DIRECTIONS FOR THIS TASK:
Could the data below be copied exactly, minus the pictures?

RECORDS SUPPLIED:
======

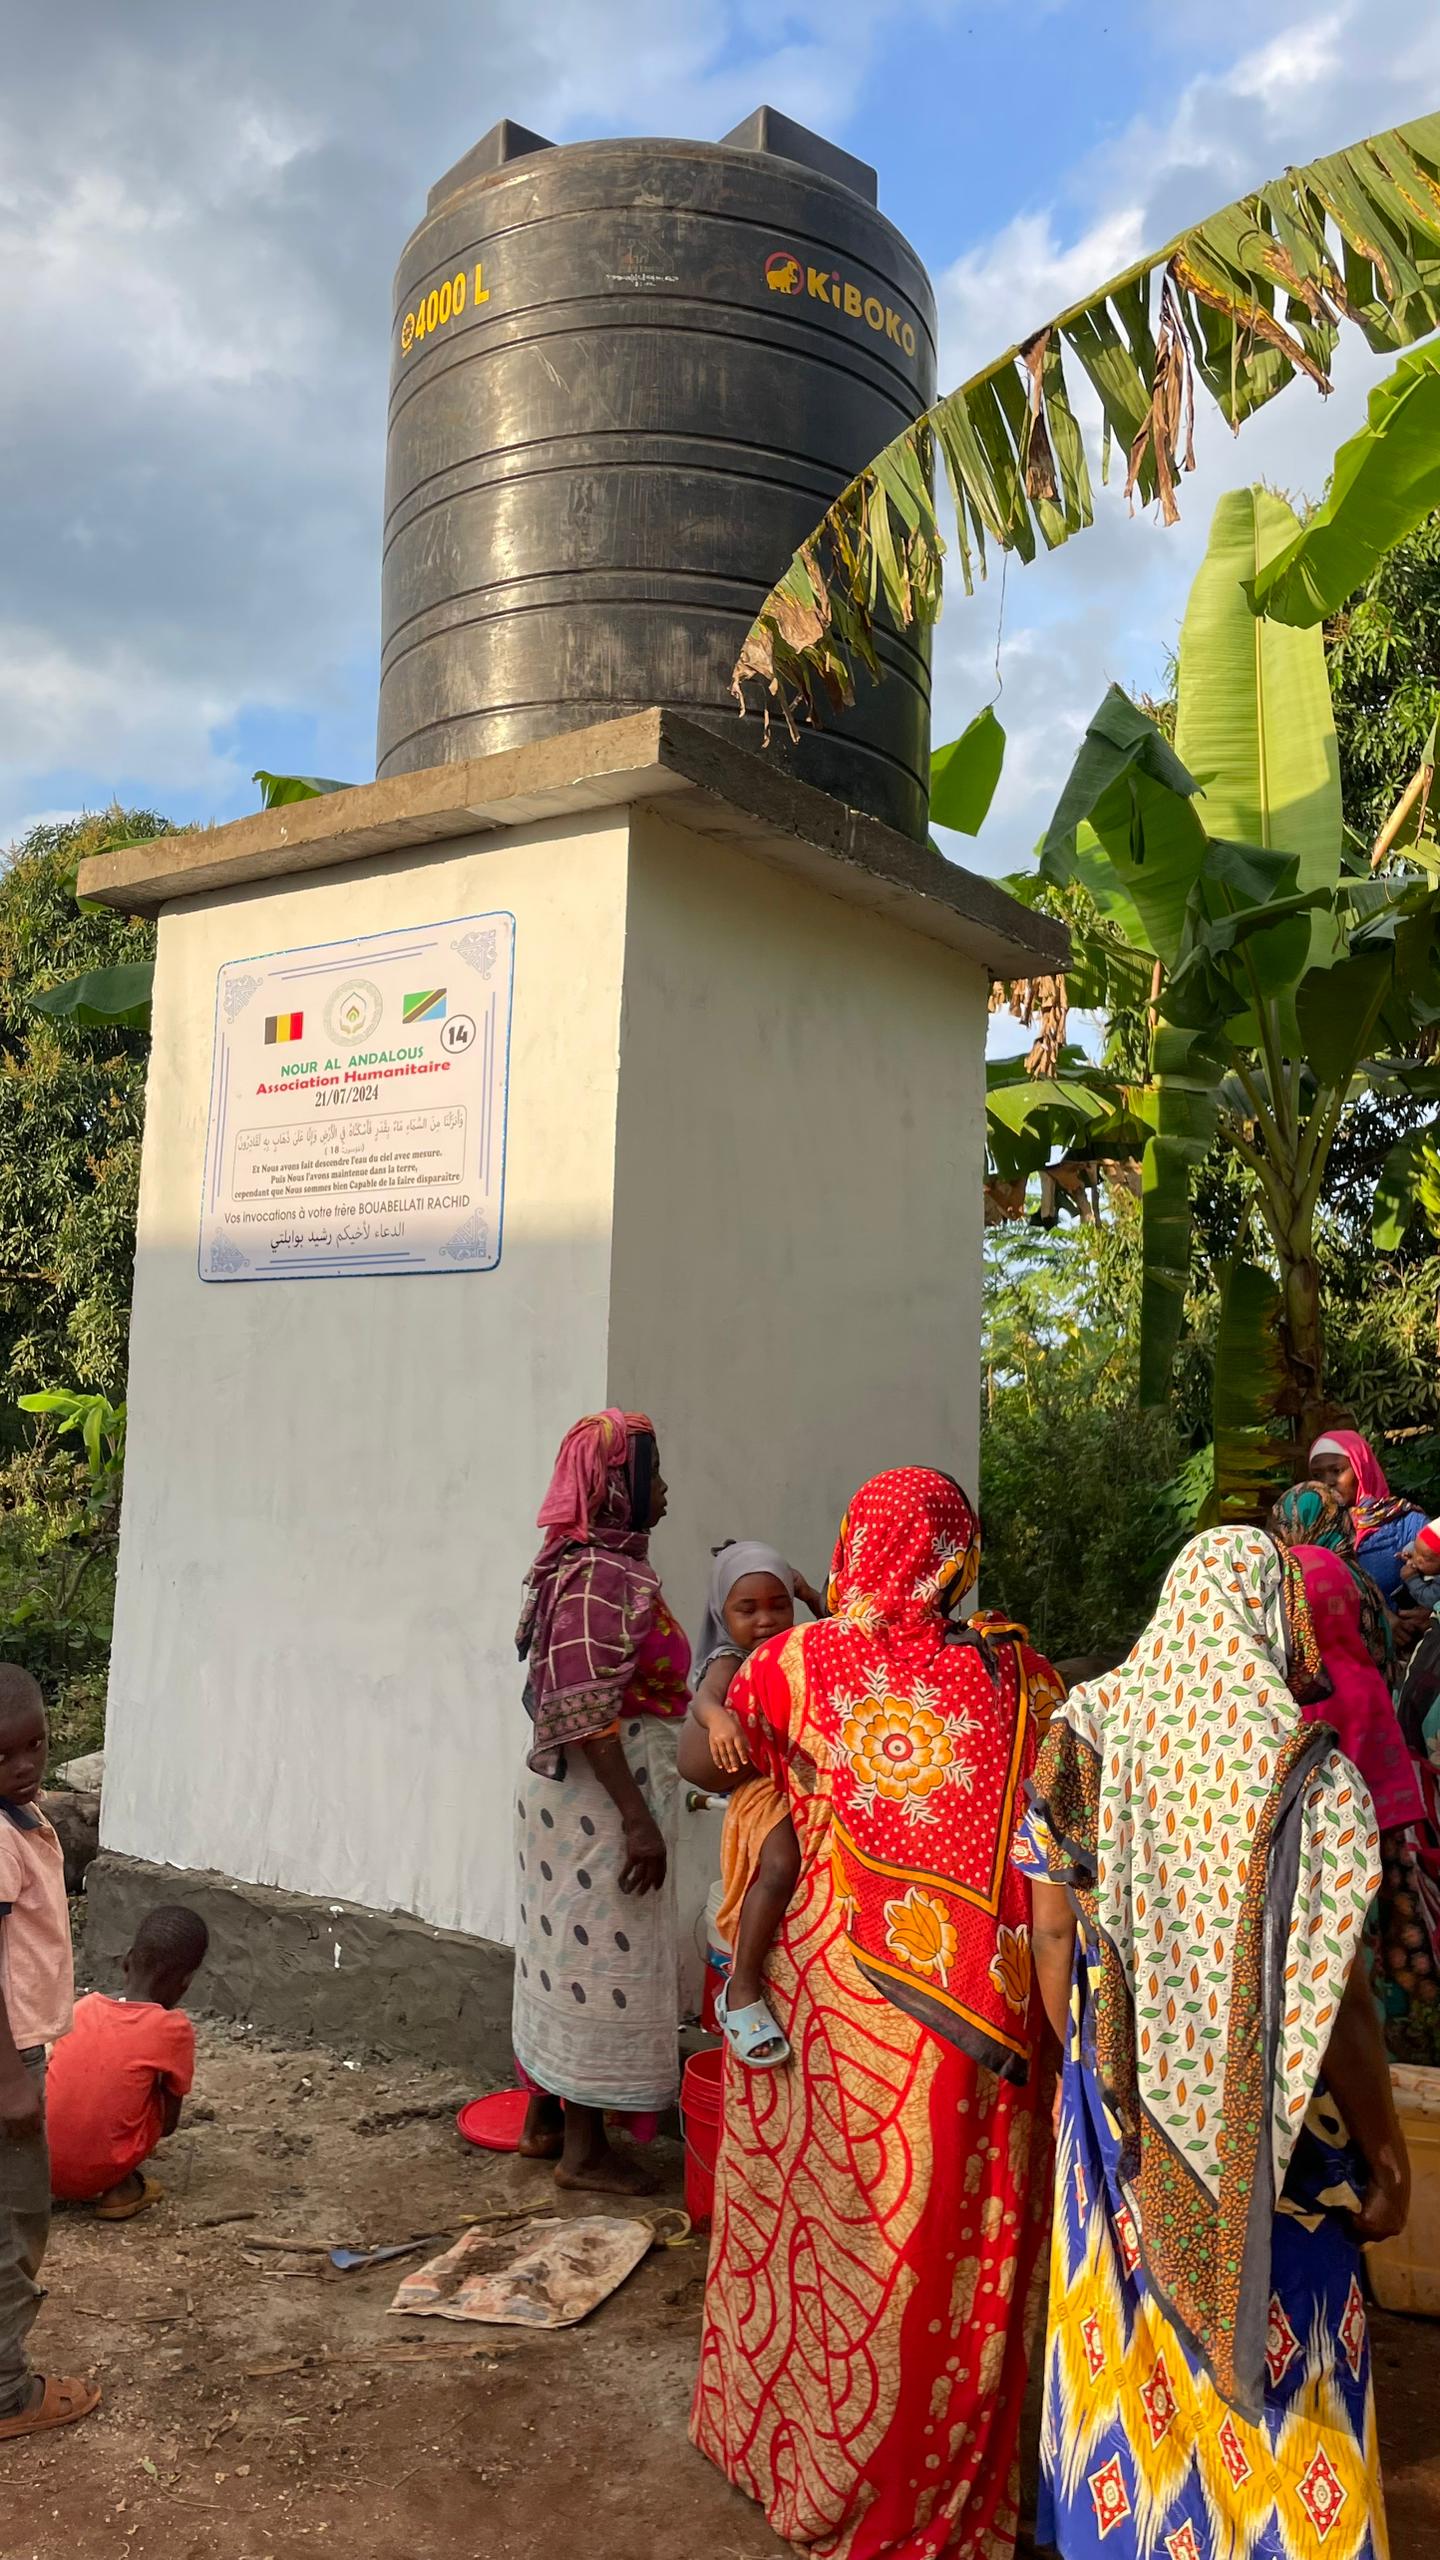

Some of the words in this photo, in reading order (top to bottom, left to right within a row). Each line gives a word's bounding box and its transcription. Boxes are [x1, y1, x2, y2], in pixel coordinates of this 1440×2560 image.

[415, 272, 466, 340] 4000
[474, 264, 490, 306] L
[448, 1026, 468, 1046] 14
[280, 1060, 318, 1078] NOUR
[324, 1055, 342, 1071] AL
[348, 1046, 424, 1068] ANDALOUS
[256, 1076, 339, 1095] Association
[344, 1061, 451, 1084] Humanitaire
[314, 1084, 379, 1108] 21/07/2024
[262, 1164, 279, 1174] Nous
[280, 1163, 300, 1172] avons
[301, 1160, 314, 1170] fait
[314, 1157, 350, 1168] descendre
[368, 1153, 378, 1162] du
[380, 1152, 392, 1162] ciel
[394, 1151, 410, 1160] avec
[412, 1149, 442, 1159] mesure.
[270, 1174, 286, 1184] Puis
[287, 1174, 304, 1183] Nous
[331, 1168, 368, 1179] maintenue
[370, 1166, 386, 1175] dans
[388, 1164, 394, 1174] la
[396, 1164, 418, 1173] terre,
[234, 1188, 270, 1200] cependant
[271, 1188, 284, 1198] que
[285, 1186, 302, 1195] Nous
[304, 1184, 332, 1193] sommes
[333, 1182, 348, 1191] bien
[349, 1178, 377, 1190] Capable
[378, 1178, 388, 1186] de
[388, 1176, 396, 1186] la
[397, 1176, 415, 1186] faire
[416, 1172, 460, 1184] disparaître
[224, 1212, 241, 1224] Vos
[242, 1209, 296, 1222] invocations
[298, 1206, 306, 1219] à
[308, 1206, 332, 1218] votre
[334, 1202, 356, 1216] frère
[358, 1198, 424, 1215] BOUABELLATI
[427, 1194, 470, 1210] RACHID
[308, 1227, 332, 1247] رشيد
[375, 1222, 405, 1238] الدعاء
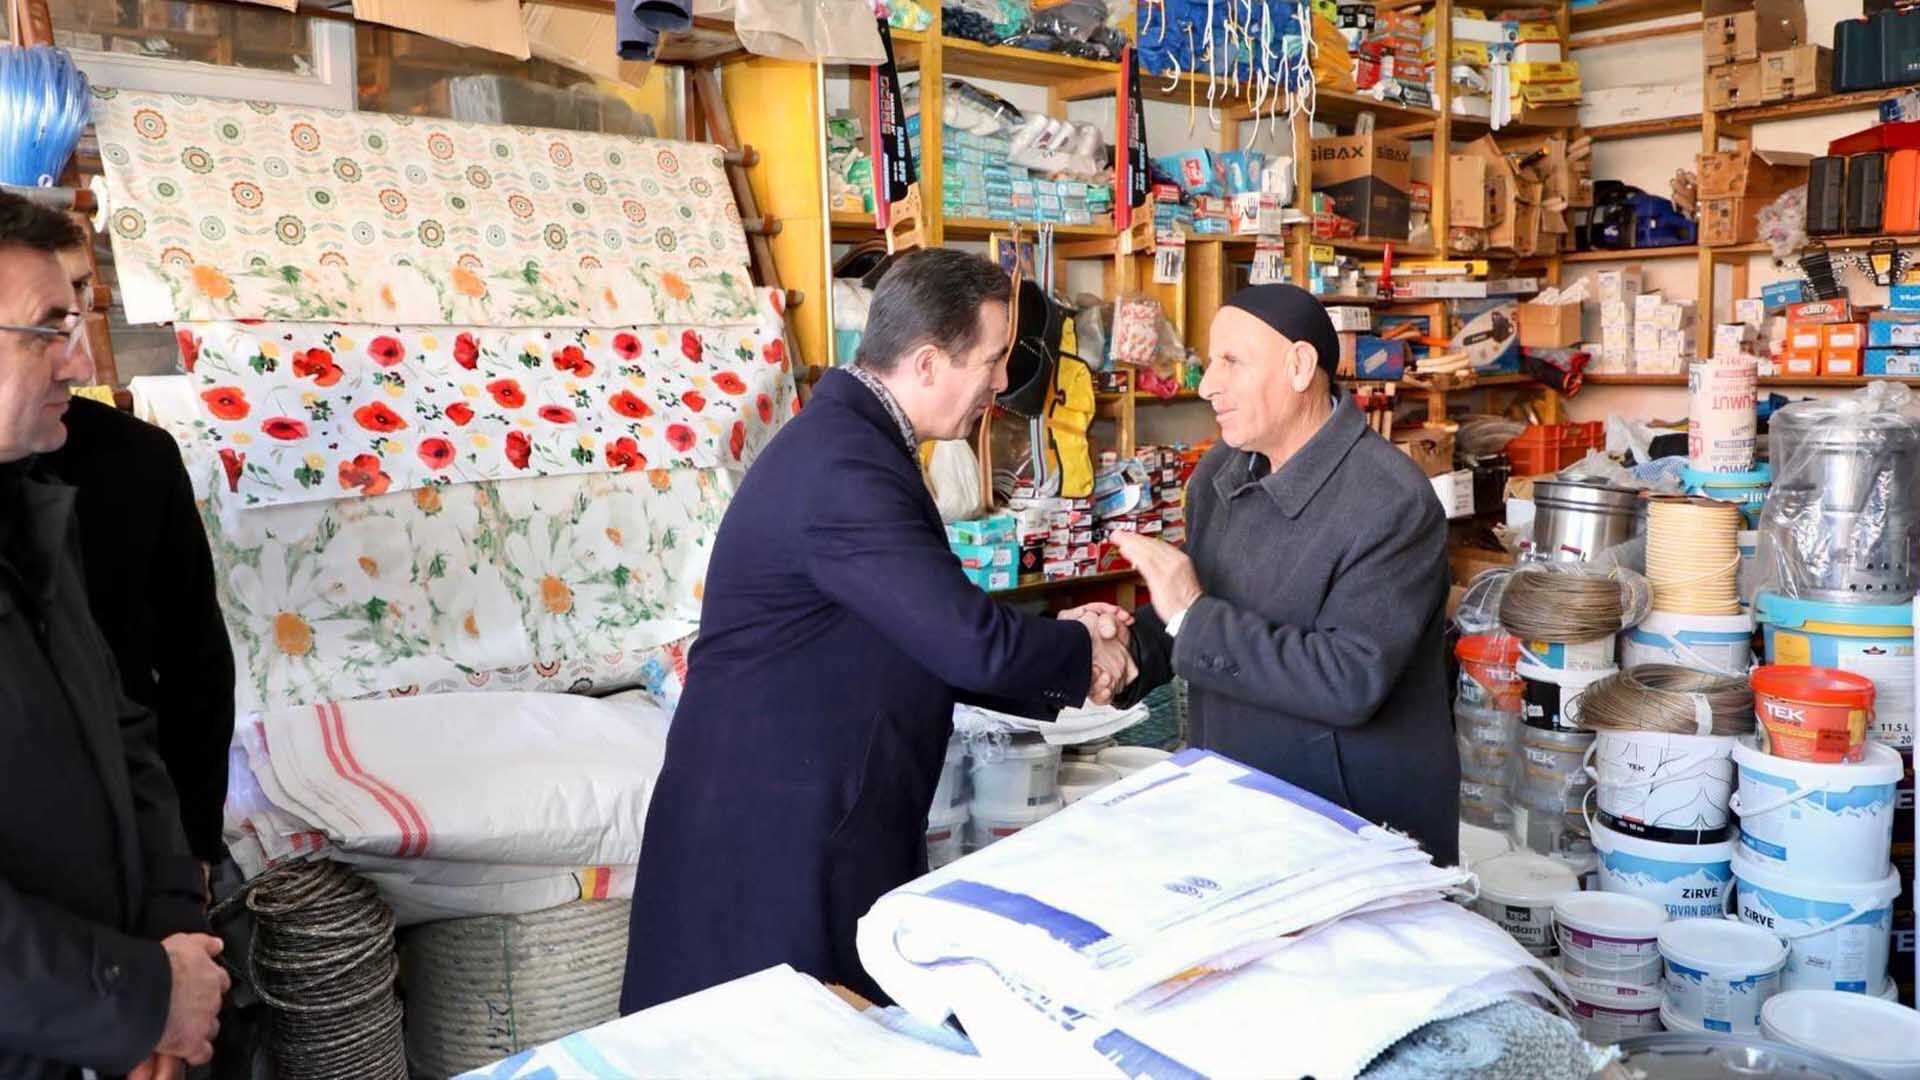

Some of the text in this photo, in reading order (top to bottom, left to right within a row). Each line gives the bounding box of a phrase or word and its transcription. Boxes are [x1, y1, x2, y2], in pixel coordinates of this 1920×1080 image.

[1763, 700, 1806, 722] TEK
[1524, 747, 1556, 766] TEK
[1627, 762, 1646, 772] TEK

======

ANSWER TO THIS TASK:
Some of the words in this photo, in reading order (top to bottom, left to right within a row). Each line gives a word's bounding box and its transcription. Boxes are [x1, y1, x2, y2], in pixel coordinates of this 1440×2560 image.

[415, 272, 466, 340] 4000
[474, 264, 490, 306] L
[448, 1026, 468, 1046] 14
[280, 1060, 318, 1078] NOUR
[324, 1055, 342, 1071] AL
[348, 1046, 424, 1068] ANDALOUS
[256, 1076, 339, 1095] Association
[344, 1061, 451, 1084] Humanitaire
[314, 1084, 379, 1108] 21/07/2024
[262, 1164, 279, 1174] Nous
[280, 1163, 300, 1172] avons
[301, 1160, 314, 1170] fait
[314, 1157, 350, 1168] descendre
[368, 1153, 378, 1162] du
[380, 1152, 392, 1162] ciel
[394, 1151, 410, 1160] avec
[412, 1149, 442, 1159] mesure.
[270, 1174, 286, 1184] Puis
[287, 1174, 304, 1183] Nous
[331, 1168, 368, 1179] maintenue
[370, 1166, 386, 1175] dans
[388, 1164, 394, 1174] la
[396, 1164, 418, 1173] terre,
[234, 1188, 270, 1200] cependant
[271, 1188, 284, 1198] que
[285, 1186, 302, 1195] Nous
[304, 1184, 332, 1193] sommes
[333, 1182, 348, 1191] bien
[349, 1178, 377, 1190] Capable
[378, 1178, 388, 1186] de
[388, 1176, 396, 1186] la
[397, 1176, 415, 1186] faire
[416, 1172, 460, 1184] disparaître
[224, 1212, 241, 1224] Vos
[242, 1209, 296, 1222] invocations
[298, 1206, 306, 1219] à
[308, 1206, 332, 1218] votre
[334, 1202, 356, 1216] frère
[358, 1198, 424, 1215] BOUABELLATI
[427, 1194, 470, 1210] RACHID
[308, 1227, 332, 1247] رشيد
[375, 1222, 405, 1238] الدعاء

Some of the text in this photo, in reading order (top to bottom, left to right within a row). Each line gives the bounding box of a phrase or word and its transcription. Boxes are [x1, y1, x2, y2], in pixel coordinates of this 1920×1080 image.

[1763, 700, 1806, 722] TEK
[1524, 747, 1556, 766] TEK
[1627, 762, 1646, 772] TEK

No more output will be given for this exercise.